The clouds are moving over the trees. She has both hands around the man’s wrists, nails clawing into his skin, and she has dropped the groundhog.

She thinks of her father. She thinks of him swinging cats onto roofs. He said he swung each one like a discus, and he felt so satisfied when he let loose and it sailed through the air.

She has skin under her fingernails. Blood on her fingers. The man grunts in her ear, and all she can feel now is this man wrapped around her. He is actually turning her head now, with both hands, and one of his fingers is digging into a soft part of her ear. She gulps for air. It hurts.

Robby says something.

‘Nearly there,’ breathes the voice next to her ear.

Someone is yelling. She cannot hear well, and she is not sure the voice is even real, but the hands around her throat loosen. She catches herself with her hands as she falls. Leaves stick to her bloody fingers.

When she takes a long breath, it does not sound human.

She looks for the groundhog in the leaves, and she can’t see it. Then she looks up at Robby and he is still just standing there, and she is angrier at him than at the man who has been trying to tear her head off her body.

Robby is looking past her, though. Kailynn turns, and her breathing is still terrible, and she sees a woman wading through the creek like some swamp monster.

‘Robby Montgomery!’ is what the woman yells, just once, or maybe she has said it plenty of other times and this is the first time Kailynn’s ears have worked right.

It is Lincoln’s mother, soaking wet. She does not have Lincoln with her, and this panics Kailynn.

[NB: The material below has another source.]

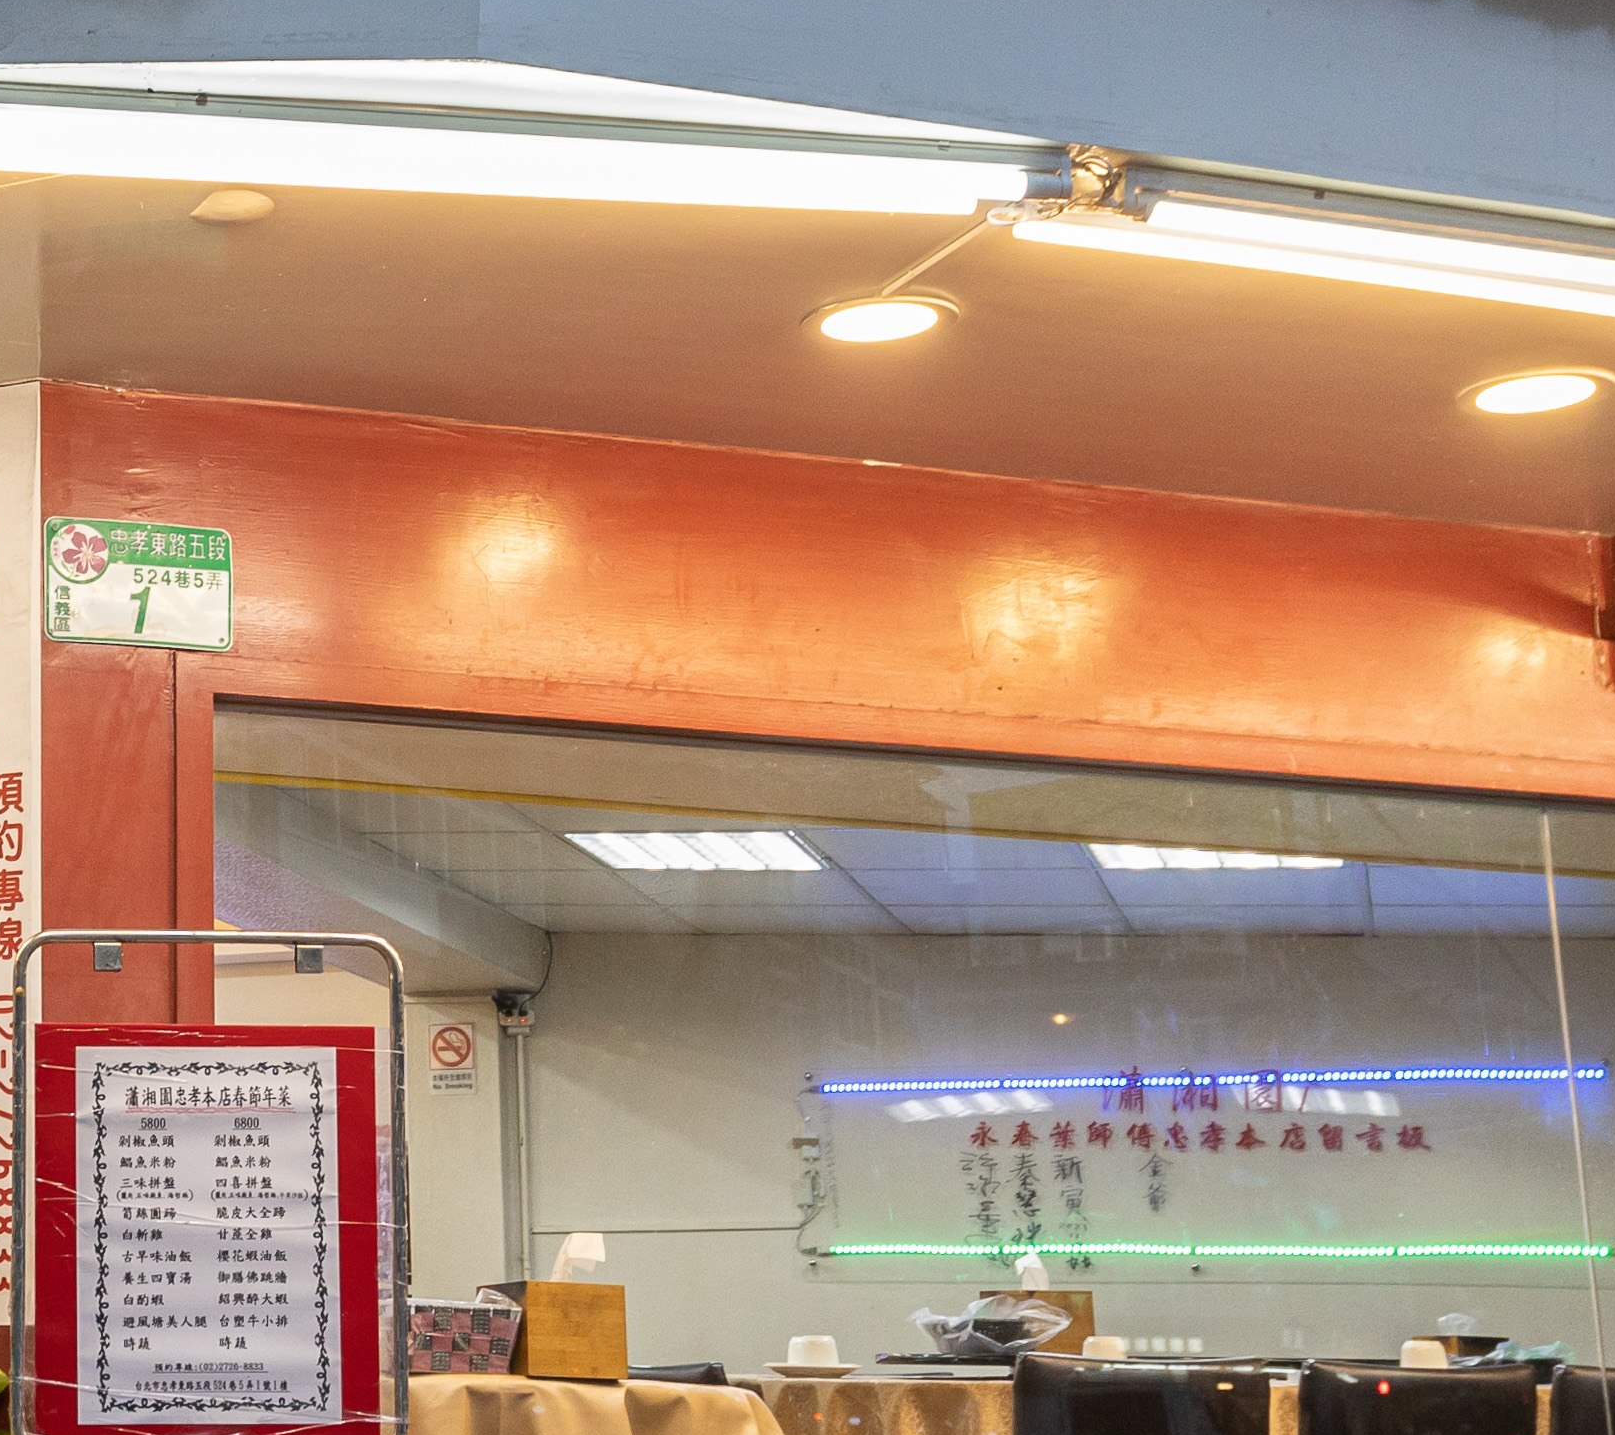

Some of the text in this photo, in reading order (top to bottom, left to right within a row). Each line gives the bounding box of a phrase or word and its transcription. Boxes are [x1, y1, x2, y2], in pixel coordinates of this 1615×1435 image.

The groundhog is by her foot. She scoops it up, warm. Everyone but her is moving.

Lincoln’s mother is climbing out of the water.

The man who was choking Kailynn is lunging toward where he dropped his guns.

Robby is lifting his own gun toward the woman.

‘Mrs Powell told me to tell you—’ starts Lincoln’s mother, close enough that Kailynn can hear water dripping on the leaves.

The choker has his hand around his pistol, but he grabbed it by the wrong end, and he is shifting it in his hands as he tries to turn himself toward the woman. Robby has jerked his gun up so that it points toward the sky, but he has not loosened his grip on it. Kailynn thinks something is smashed inside her throat.

‘Mrs Powell said that she wants to talk to you,’ says the mother. ‘Mrs Powell says that she wants to talk to you one more time.’

Lincoln’s mother is trying to get in front of her, it occurs to Kailynn. The woman is slowly edging closer. Now the creek water from her hair is splattering across Kailynn’s shoes and thighs.

Robby Montgomery is watching them both.

‘It doesn’t matter,’ he says, and his gun lowers toward them, and Kailynn thinks, Well, it mattered a little bit, just about three seconds’ worth, and now the choker is lining up his pistol, and she thinks of her father and his cats.

She throws the groundhog.

Her aim is not good – she does not hit the choker or Robby. But the groundhog passes close to the choker’s face, and he jerks back so that he loses his balance and falls into the weeds. Robby Montgomery is looking down at his friend, and then Kailynn cannot see anything else because Lincoln’s mother is on top of her, heavy and wet. She is stronger than she looks. She is lifting Kailynn, dragging her, screaming in her ear, shoving her over the bank of the creek and into the water.

Kailynn falls in face-first, swallowing water, and by then the guns are shooting.